> **Goal of the exercise**: Return, from the listing below, each line where the word "EXTENTION" appears.

> **Excerpted records**:
----------------------------------------
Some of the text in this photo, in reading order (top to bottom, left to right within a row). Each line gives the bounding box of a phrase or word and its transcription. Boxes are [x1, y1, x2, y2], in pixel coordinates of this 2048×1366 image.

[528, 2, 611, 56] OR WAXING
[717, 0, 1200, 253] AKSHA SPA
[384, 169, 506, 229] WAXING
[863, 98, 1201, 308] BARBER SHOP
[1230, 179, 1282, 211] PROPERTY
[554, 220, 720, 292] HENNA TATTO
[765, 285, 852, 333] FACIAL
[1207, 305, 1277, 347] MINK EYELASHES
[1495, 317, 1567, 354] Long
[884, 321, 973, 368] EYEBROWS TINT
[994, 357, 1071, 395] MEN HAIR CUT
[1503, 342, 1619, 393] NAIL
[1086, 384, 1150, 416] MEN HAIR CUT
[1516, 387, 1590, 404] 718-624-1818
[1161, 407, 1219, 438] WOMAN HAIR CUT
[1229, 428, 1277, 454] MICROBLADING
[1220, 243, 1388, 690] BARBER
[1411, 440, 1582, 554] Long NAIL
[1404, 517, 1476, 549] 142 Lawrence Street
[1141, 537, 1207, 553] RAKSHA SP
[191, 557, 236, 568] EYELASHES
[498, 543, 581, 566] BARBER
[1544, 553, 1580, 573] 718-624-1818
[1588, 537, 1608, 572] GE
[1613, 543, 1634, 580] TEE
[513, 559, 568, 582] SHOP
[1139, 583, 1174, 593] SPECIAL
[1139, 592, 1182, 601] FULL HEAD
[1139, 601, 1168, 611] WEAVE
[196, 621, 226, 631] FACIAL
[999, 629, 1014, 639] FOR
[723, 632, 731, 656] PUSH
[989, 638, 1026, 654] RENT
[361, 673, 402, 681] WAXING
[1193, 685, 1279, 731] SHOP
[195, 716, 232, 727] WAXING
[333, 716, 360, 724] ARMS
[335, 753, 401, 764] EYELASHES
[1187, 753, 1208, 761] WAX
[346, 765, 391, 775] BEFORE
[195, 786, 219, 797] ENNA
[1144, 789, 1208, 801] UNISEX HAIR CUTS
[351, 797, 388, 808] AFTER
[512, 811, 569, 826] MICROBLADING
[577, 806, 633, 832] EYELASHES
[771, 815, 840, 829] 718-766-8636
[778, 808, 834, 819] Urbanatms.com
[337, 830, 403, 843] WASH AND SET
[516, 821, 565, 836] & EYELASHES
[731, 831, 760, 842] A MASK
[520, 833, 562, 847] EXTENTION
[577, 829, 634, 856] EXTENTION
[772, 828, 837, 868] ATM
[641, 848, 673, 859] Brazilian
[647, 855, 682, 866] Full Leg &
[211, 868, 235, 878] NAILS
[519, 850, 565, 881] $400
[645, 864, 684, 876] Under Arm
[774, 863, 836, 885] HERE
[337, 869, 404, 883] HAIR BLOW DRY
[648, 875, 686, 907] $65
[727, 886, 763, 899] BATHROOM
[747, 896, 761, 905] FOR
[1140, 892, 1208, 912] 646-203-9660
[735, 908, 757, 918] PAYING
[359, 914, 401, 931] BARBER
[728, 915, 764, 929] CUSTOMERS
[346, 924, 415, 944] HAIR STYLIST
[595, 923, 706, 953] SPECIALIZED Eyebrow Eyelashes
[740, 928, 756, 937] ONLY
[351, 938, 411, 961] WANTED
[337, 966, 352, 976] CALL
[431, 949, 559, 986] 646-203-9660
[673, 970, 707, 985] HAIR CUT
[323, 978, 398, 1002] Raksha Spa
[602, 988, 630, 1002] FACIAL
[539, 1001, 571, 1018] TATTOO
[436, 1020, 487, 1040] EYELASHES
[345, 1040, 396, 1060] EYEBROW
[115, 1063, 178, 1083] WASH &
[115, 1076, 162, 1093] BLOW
----------------------------------------
> **Exercise result**:
[520, 833, 562, 847] EXTENTION
[577, 829, 634, 856] EXTENTION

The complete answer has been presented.